German foreign policy has a real problem.
Crises are erupting everywhere: The murdering and plundering terrorist bands of the Islamic State in Iraq. The increasingly dramatic disintegration of Libya. Ceaseless bombardment of Ukraine.
The world, and above all Germany’s European neighbors, are demanding more involvement from Berlin to help resolve these crises. Germany’s importance on the world stage is growing.
But almost 70 percent of Germans say they are against greater German involvement. Fear of war is in the DNA of post-war Germans. This doesn’t make foreign policy easy, but it does guard against simplification.
Germany is unlikely to rush into a military conflict.

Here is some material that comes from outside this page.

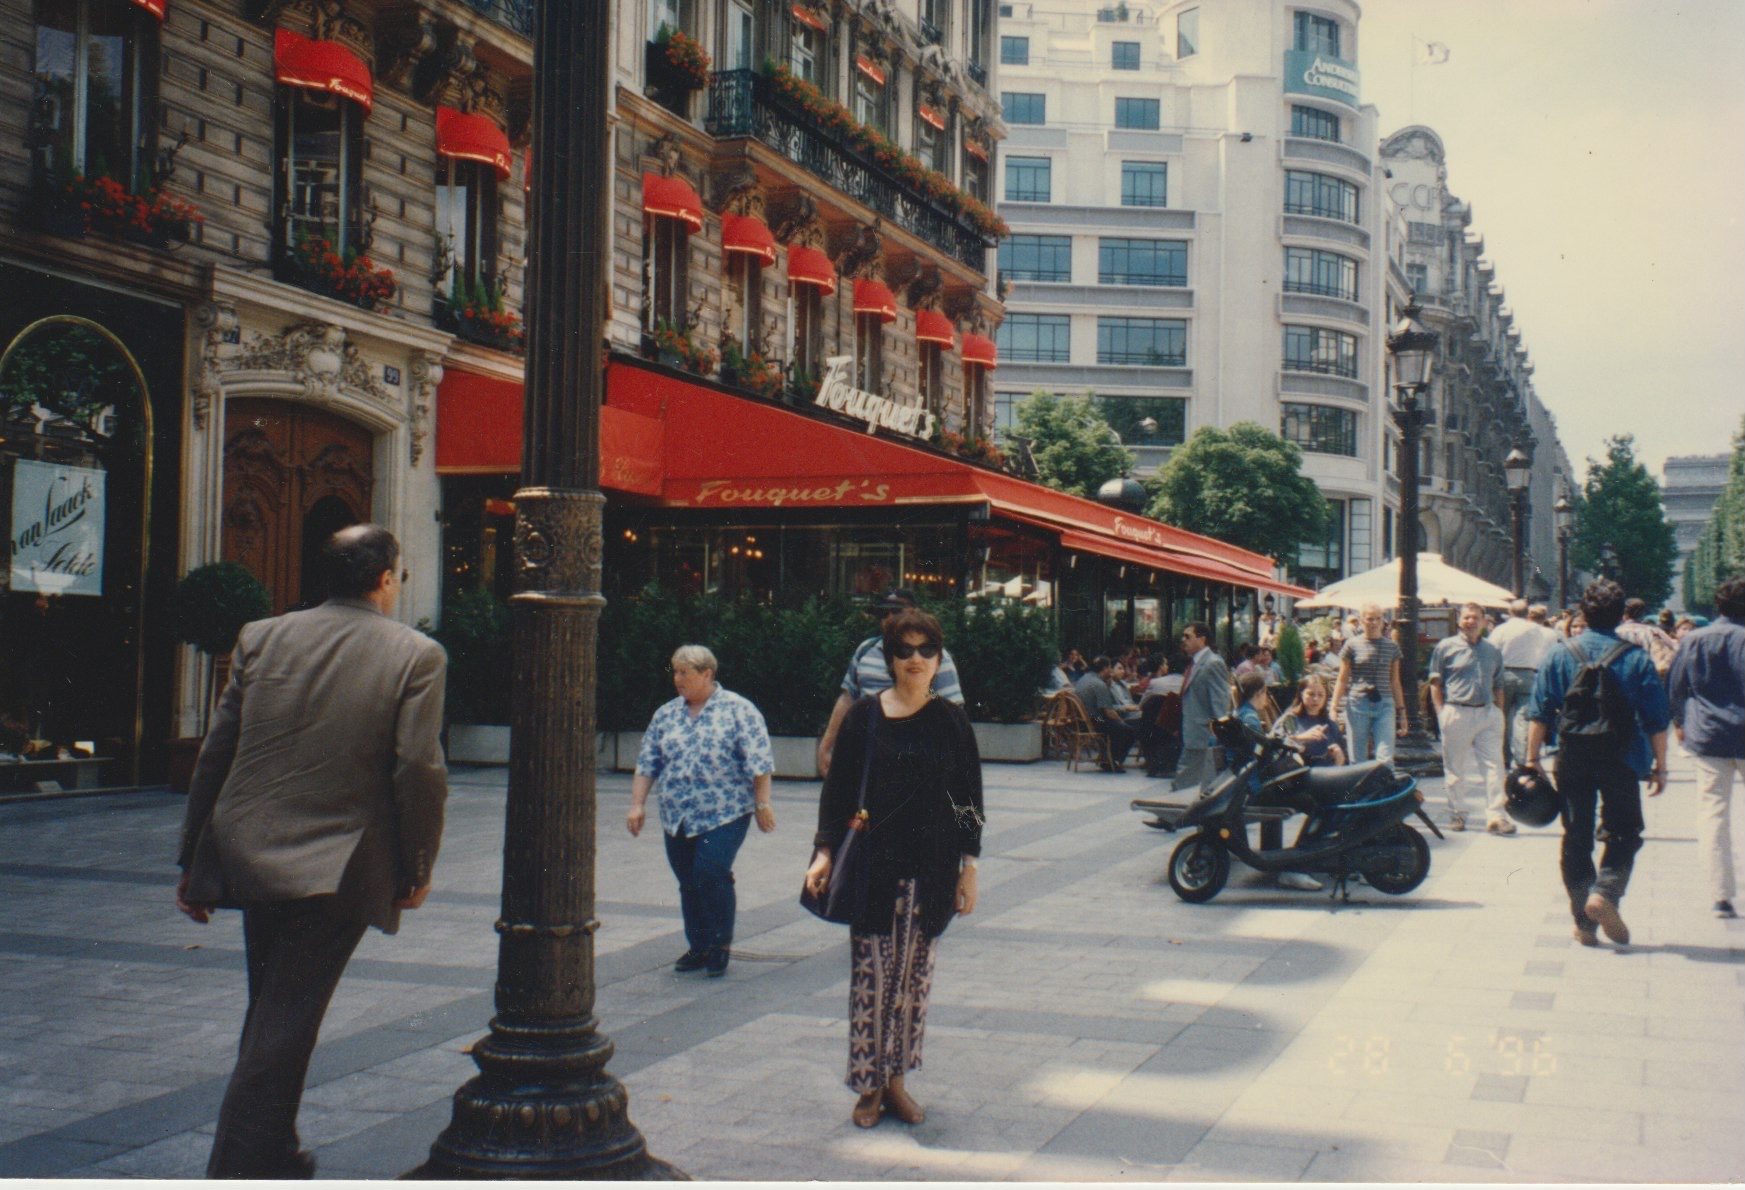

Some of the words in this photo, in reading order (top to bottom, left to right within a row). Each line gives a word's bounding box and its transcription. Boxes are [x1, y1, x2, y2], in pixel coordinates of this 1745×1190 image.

[387, 367, 399, 384] 99
[815, 355, 936, 440] Fouquet's
[696, 479, 889, 506] Fouquet's

But against this historic backdrop, Germany’s foreign minister, Frank-Walter Steinmeier, has presented a new strategy. He isn’t simply running for cover or going with the flow of mainstream opinion that opposes foreign intervention.
He considers the strategy to be an effective third way between, as he puts it, “inconsequential talk and military action.”
Germany cannot simply look on.
As a relatively small but economically strong nation, Germany is globally networked like almost no other country in the world.
As a major exporter, it must insist on binding international rules. And, it is clear that Germany will have to intervene when the rules are broken. Looking the other way or simply talking is not enough.
The concept long advocated by the United States of reacting to crises with military interventions has reached its limit — just look at Afghanistan or Iraq.
At any rate, the German army, long under-funded, is not in tip-top condition anyway.